One might point out that all objects/scenes of desire are problematic, in that investments in them and projections onto them are less about them than about what cluster of desires and affects we can manage to keep magnetized to them. I have indeed wondered whether all optimism is cruel, because the experience of loss of the conditions of its reproduction can be so breathtakingly bad, just as the threat of the loss of x in the scope of one's attachment drives can feel like a threat to living on itself. But some scenes of optimism are clearly crueler than others: where cruel optimism operates, the very vitalizing or animating potency of an object/scene of desire contributes to the attrition of the very thriving that is supposed to be made possible in the work of attachment in the first place. This might point to something as banal as a scouring love, but it also opens out to obsessive appetites, working for a living, patriotism, all kinds of things. One makes affective bargains about the costliness of one's attachments, usually unconscious ones, most of which keep one in proximity to the scene of desire/attrition.
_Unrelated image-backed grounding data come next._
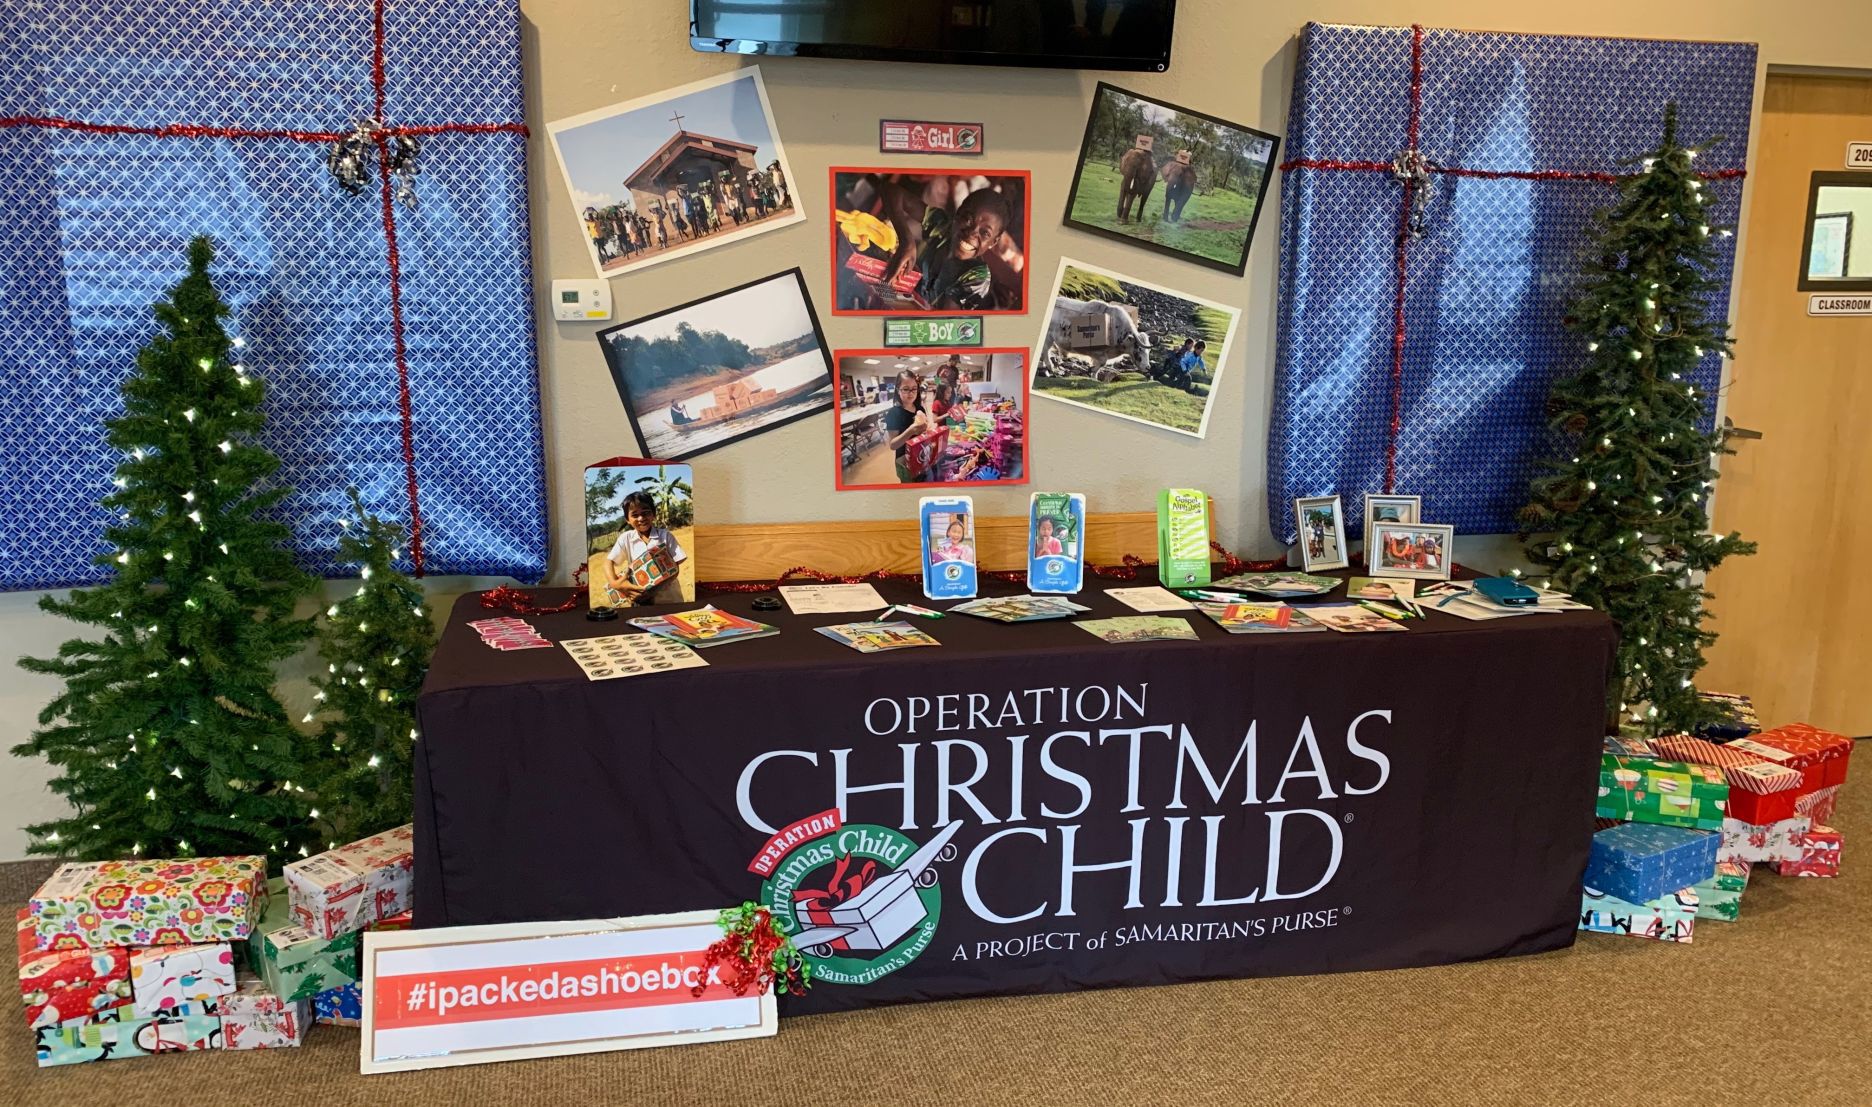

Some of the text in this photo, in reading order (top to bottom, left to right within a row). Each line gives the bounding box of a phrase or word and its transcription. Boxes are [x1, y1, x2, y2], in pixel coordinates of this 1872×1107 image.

[928, 127, 955, 149] Girl
[929, 322, 954, 342] BOY
[1818, 299, 1871, 310] CLASSROOM
[864, 682, 1148, 736] OPERATION
[735, 709, 1393, 832] CHRISTMAS
[754, 815, 836, 872] OPERATION
[961, 809, 1344, 924] CHILD
[772, 830, 908, 933] Christmas Child
[815, 922, 936, 984] Samaritan's Purse
[951, 944, 966, 961] A
[974, 932, 1082, 959] PROJECT
[1086, 930, 1107, 950] of
[1115, 919, 1266, 947] SAMARITAN'S
[407, 961, 721, 1016] #ipackedashoebox
This means that a poetics of attachment always involves some splitting off of the story I can tell about wanting to be near x (as though x has autonomous qualities) from the activity of the emotional habitus I have constructed, as a function of having x in my life, in order to be able to project out my endurance in proximity to the complex of what x seems to offer and proffer. To understand cruel optimism, therefore, one must embark on an analysis of indirection, which provides a way to think about the strange temporalities of projection into an enabling object that is also disabling. I learned how to do this from reading Barbara Johnson's work on apostrophe and free indirect discourse. In her poetics of indirection, each of these two rhetorical modes is shaped by the ways a writing subjectivity conjures other ones so that, in a performance of fantasmatic intersubjectivity, the writer gains superhuman observational authority, enabling a performance of being that is made possible by the proximity of the object. Because this aesthetic process is something like what I am describing in the optimism of attachment, I'll describe a bit the shape of my transference with her thought.
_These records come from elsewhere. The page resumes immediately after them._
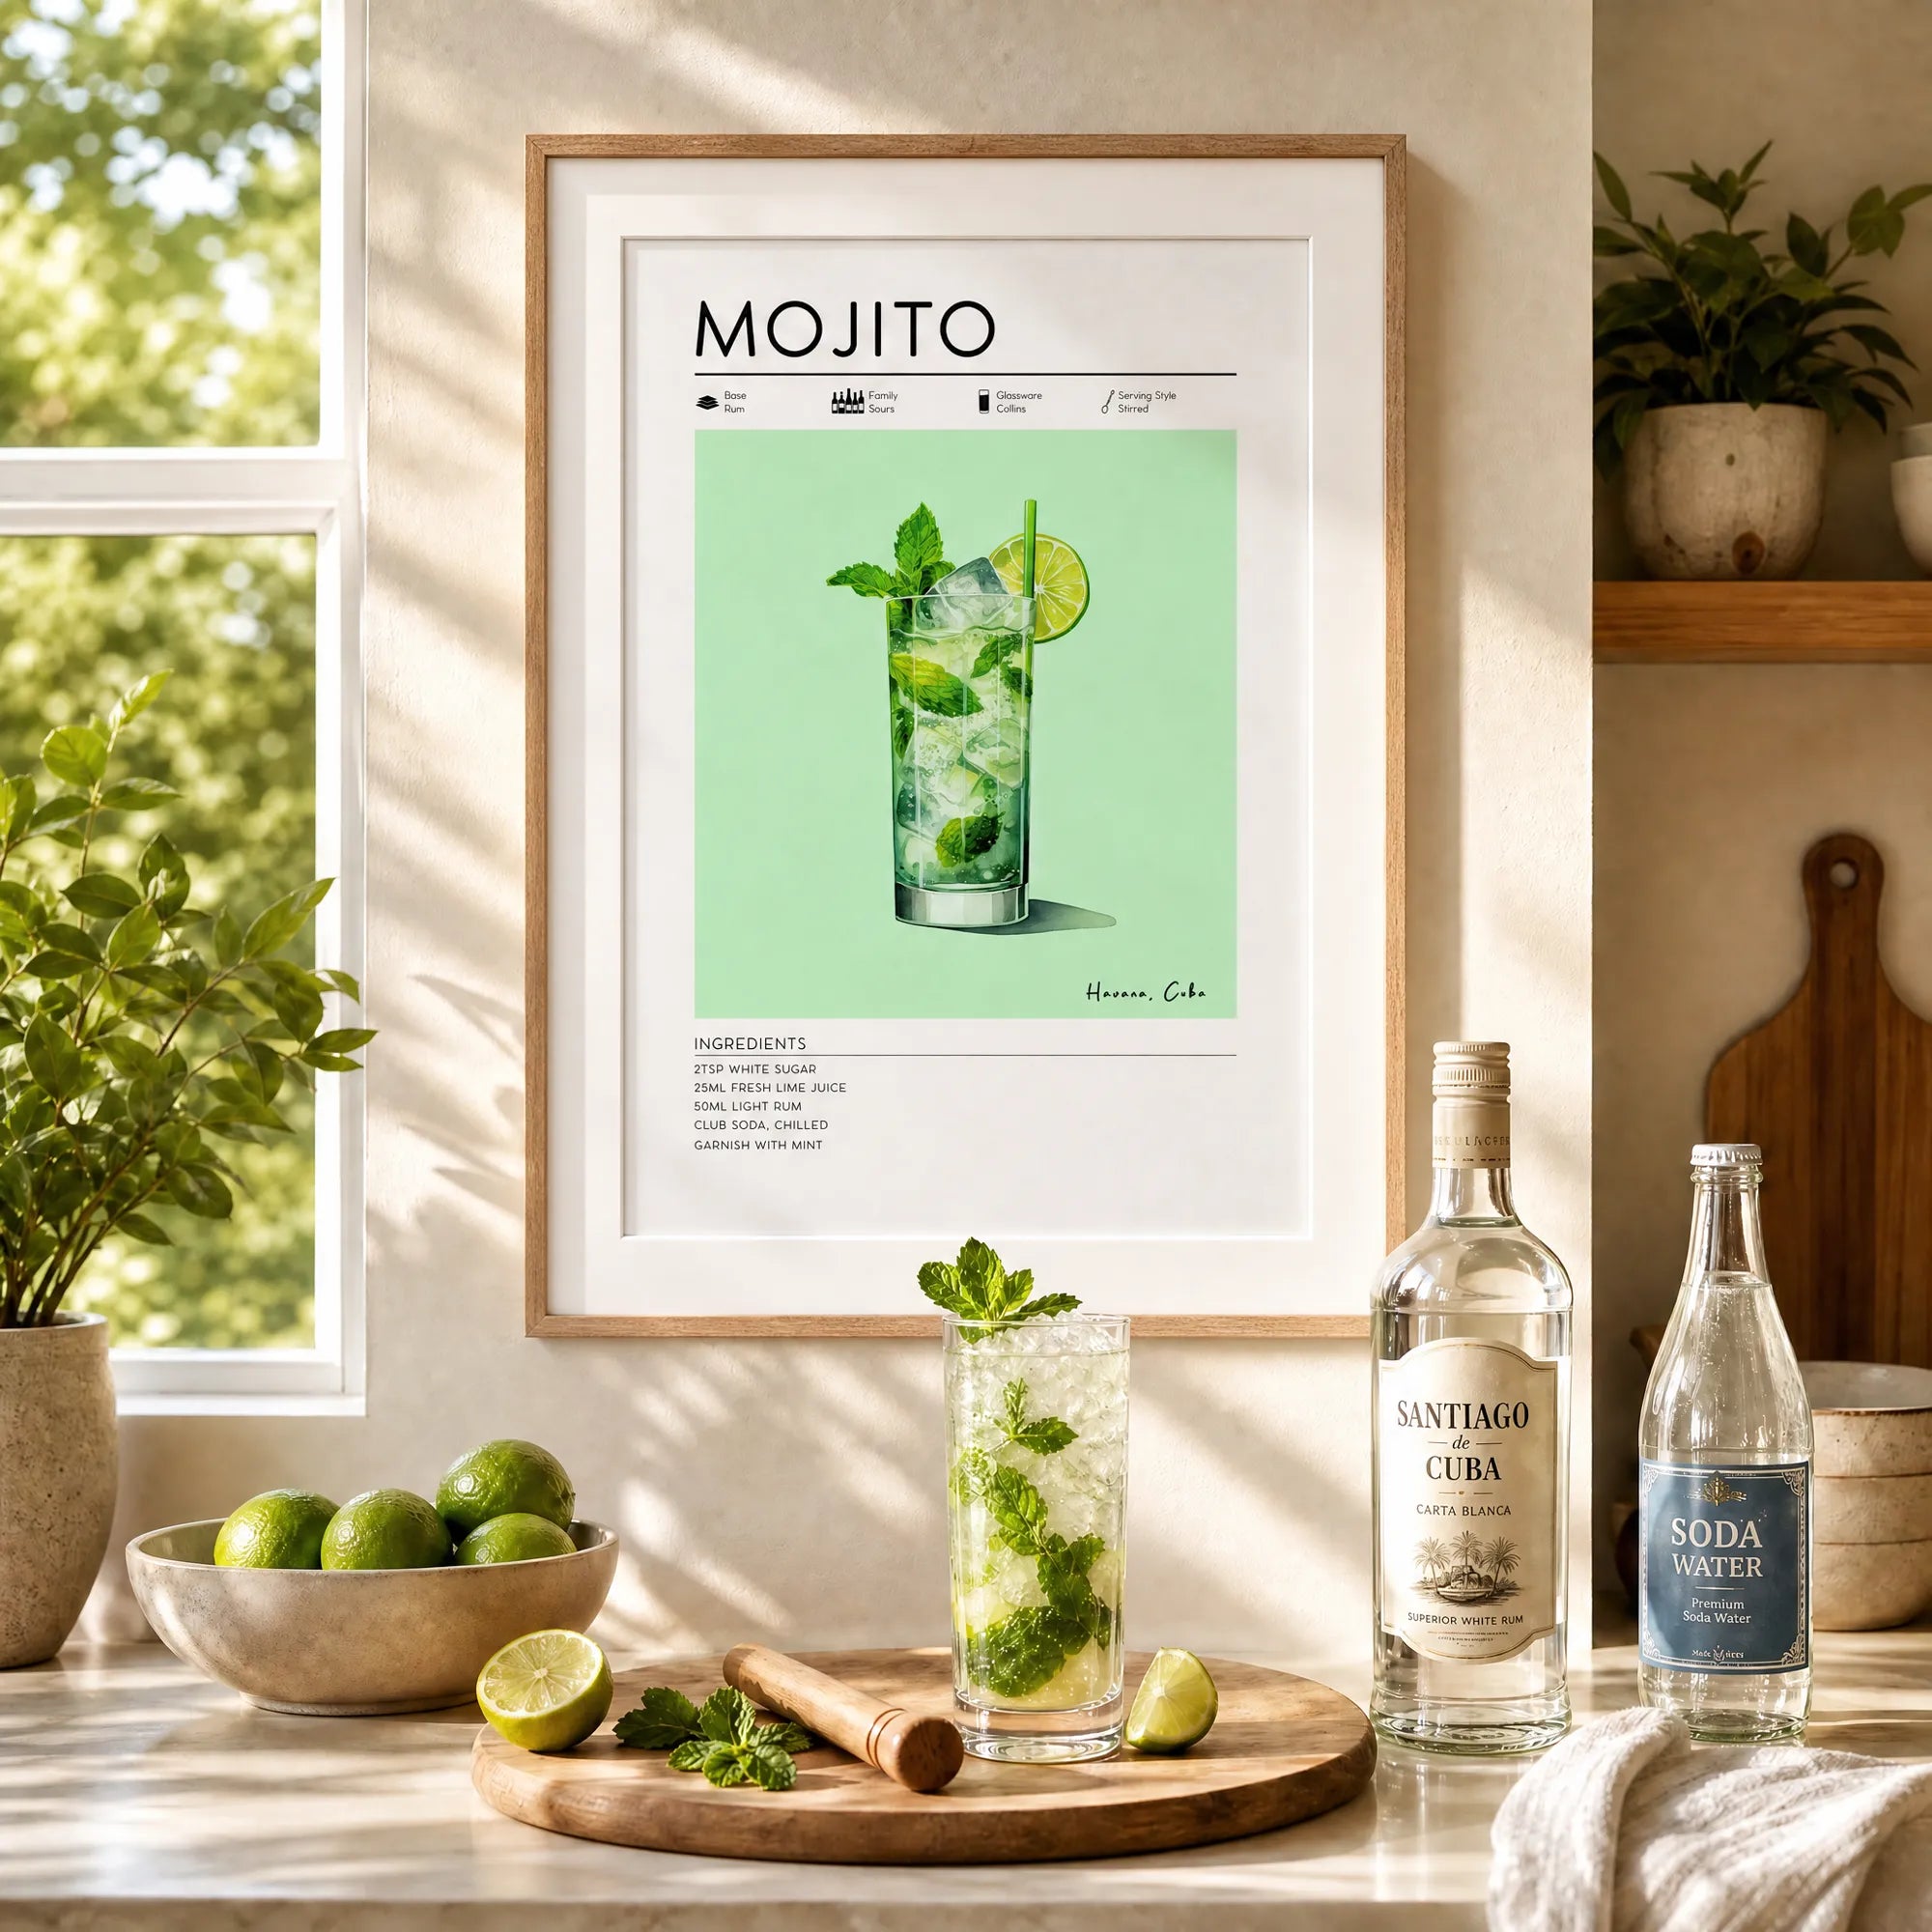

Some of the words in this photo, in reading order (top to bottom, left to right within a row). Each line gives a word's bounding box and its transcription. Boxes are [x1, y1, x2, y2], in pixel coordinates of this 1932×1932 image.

[695, 299, 996, 358] MOJITO
[724, 389, 748, 401] Base
[867, 389, 899, 404] Family
[995, 389, 1043, 402] Glassware
[1118, 389, 1152, 405] Serving
[1154, 389, 1178, 404] Style
[724, 403, 746, 414] Rum
[867, 403, 896, 414] Sours
[996, 403, 1027, 414] Collins
[1118, 403, 1151, 414] Stirred
[1085, 980, 1153, 1003] Havana,
[694, 1036, 808, 1052] INGREDIENTS
[694, 1063, 724, 1075] 2TSP
[728, 1063, 770, 1075] WHITE
[774, 1063, 817, 1075] SUGAR
[694, 1082, 727, 1094] 25ML
[730, 1082, 772, 1094] FRESH
[776, 1082, 807, 1094] LIME
[810, 1082, 847, 1094] JUICE
[694, 1100, 727, 1112] 50ML
[731, 1100, 769, 1112] LIGHT
[773, 1100, 802, 1112] RUM
[694, 1120, 727, 1130] CLUB
[731, 1120, 770, 1132] SODA,
[774, 1120, 829, 1130] CHILLED
[694, 1139, 751, 1151] GARNISH
[753, 1139, 787, 1151] WITH
[791, 1139, 823, 1151] MINT
[1397, 1400, 1529, 1430] SANTIAGO
[1452, 1435, 1470, 1450] de
[1426, 1456, 1502, 1482] CUBA
[1416, 1504, 1457, 1517] CARTA
[1462, 1505, 1512, 1517] BLANCA
[1671, 1518, 1763, 1548] SODA
[1672, 1553, 1764, 1577] WATER
[1691, 1598, 1745, 1609] Premium
[1407, 1611, 1458, 1625] SUPERIOR
[1461, 1616, 1498, 1626] WHITE
[1501, 1614, 1523, 1625] RUM
[1683, 1610, 1711, 1623] Soda
[1715, 1612, 1751, 1624] Water
In "Apostrophe, Animation, and Abortion," my key referent here, Johnson tracks the political consequences of apostrophe for what has become fetal personhood: a silent, affectively present but physically displaced interlocutor (a lover, a fetus) is animated in speech as distant enough for a conversation but close enough to be imaginable by the speaker in whose head the entire scene is happening. But the condition of projected possibility, of a hearing that cannot take place in the terms of its enunciation ("you" are not here, "you" are eternally belated to the conversation with you that I am imagining) creates a fake present moment of intersubjectivity in which, nonetheless, a performance of address can take place. The present moment is made possible by the fantasy of you, laden with the x qualities I can project onto you, given your convenient absence. Apostrophe therefore appears to be a reaching out to a you, a direct movement from place x to place y, but it is actually a turning back, an animating of a receiver on behalf of the desire to make something happen now that realizes something in the speaker, makes the speaker more or differently possible, because she has admitted, in a sense, the importance of speaking for, as, and to, two—but only under the condition, and illusion, that the two are really (in) one.
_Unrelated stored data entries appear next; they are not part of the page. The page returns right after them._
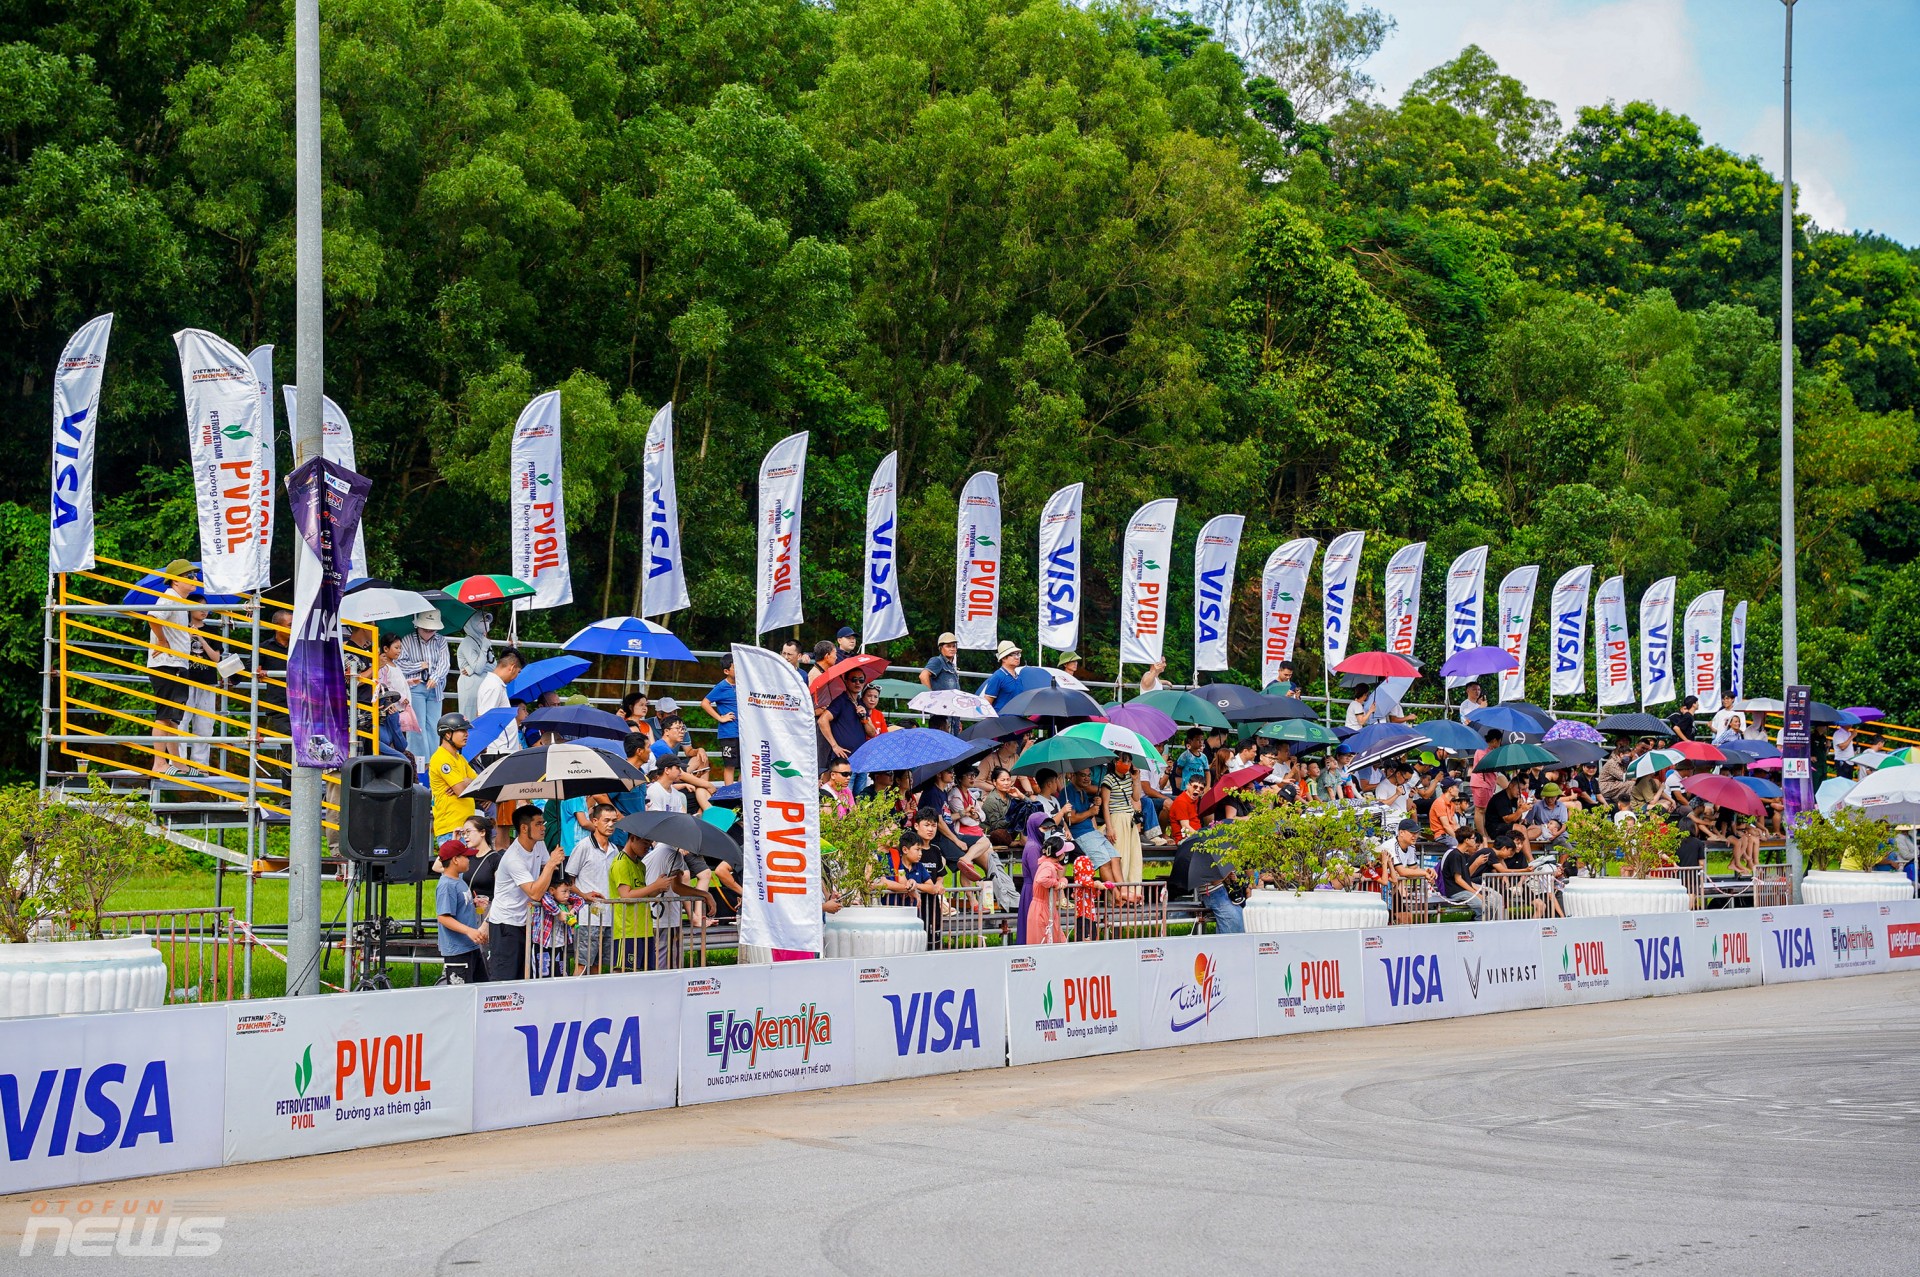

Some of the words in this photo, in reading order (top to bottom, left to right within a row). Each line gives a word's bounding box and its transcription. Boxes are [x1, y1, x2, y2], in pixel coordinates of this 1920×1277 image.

[202, 425, 210, 447] PVOIL
[211, 410, 223, 459] PETROVIETNAM
[52, 407, 90, 529] VISA
[208, 464, 218, 498] Đường
[212, 499, 218, 511] xa
[212, 512, 222, 536] thêm
[220, 460, 254, 553] PVOIL
[533, 501, 559, 577] PVOIL
[773, 532, 792, 602] PVOIL
[871, 511, 894, 613] VISA
[1047, 536, 1075, 626] VISA
[967, 560, 996, 621] PVOIL
[1136, 582, 1160, 639] PVOIL
[1199, 561, 1227, 643] VISA
[1265, 612, 1292, 665] PVOIL
[1556, 603, 1582, 673] VISA
[1648, 620, 1668, 685] VISA
[1608, 641, 1628, 686] PVOIL
[1696, 652, 1714, 695] PVOIL
[748, 696, 785, 706] GYMKHANA
[750, 691, 776, 700] VIETNAM
[751, 754, 760, 778] PVOIL
[761, 740, 771, 796] PETROVIETNAM
[752, 800, 762, 836] Đường
[754, 838, 760, 851] xa
[766, 800, 807, 903] PVOIL
[1574, 941, 1608, 977] PVOIL
[1634, 936, 1684, 980] VISA
[1722, 932, 1750, 964] PVOIL
[1772, 928, 1816, 968] VISA
[1831, 924, 1874, 961] Ekokemika
[1301, 960, 1344, 1001] PVOIL
[1380, 954, 1444, 1006] VISA
[1486, 964, 1536, 984] VINFAST
[1064, 975, 1117, 1022] PVOIL
[236, 1022, 272, 1030] GYMKHANA
[707, 1002, 832, 1072] Ekokemika
[882, 988, 980, 1056] VISA
[336, 1033, 430, 1101] PVOIL
[514, 1016, 642, 1096] VISA
[708, 1076, 724, 1086] DUNG
[754, 1072, 762, 1080] XE
[762, 1069, 782, 1080] KHÔNG
[0, 1060, 174, 1161] VISA
[276, 1095, 330, 1116] PETROVIETNAM
[291, 1113, 315, 1130] PVOIL
[336, 1106, 370, 1121] Đường
[373, 1104, 385, 1116] xa
[388, 1100, 411, 1115] thêm
[414, 1096, 431, 1114] gần
Apostrophe is thus an indirect, unstable, physically impossible but phenomenologically vitalizing movement of rhetorical animation that permits subjects to suspend themselves in the optimism of a potential occupation of the same psychic space of others, the objects of desire who make you possible (by having some promising qualities, but also by not being there). Later work, such as in "Muteness Envy," elaborates Johnson's description of the gendered rhetorical politics of this projection of voluble intersubjectivity. 5 The paradox remains that the lush submerging of one consciousness into another requires a double negation: of the speaker's boundaries, so s/he can grow bigger in rhetorical proximity to the object of desire; and of the spoken of, who is more or less a powerful mute placeholder providing an opportunity for the speaker's imagination of her/his/their flourishing.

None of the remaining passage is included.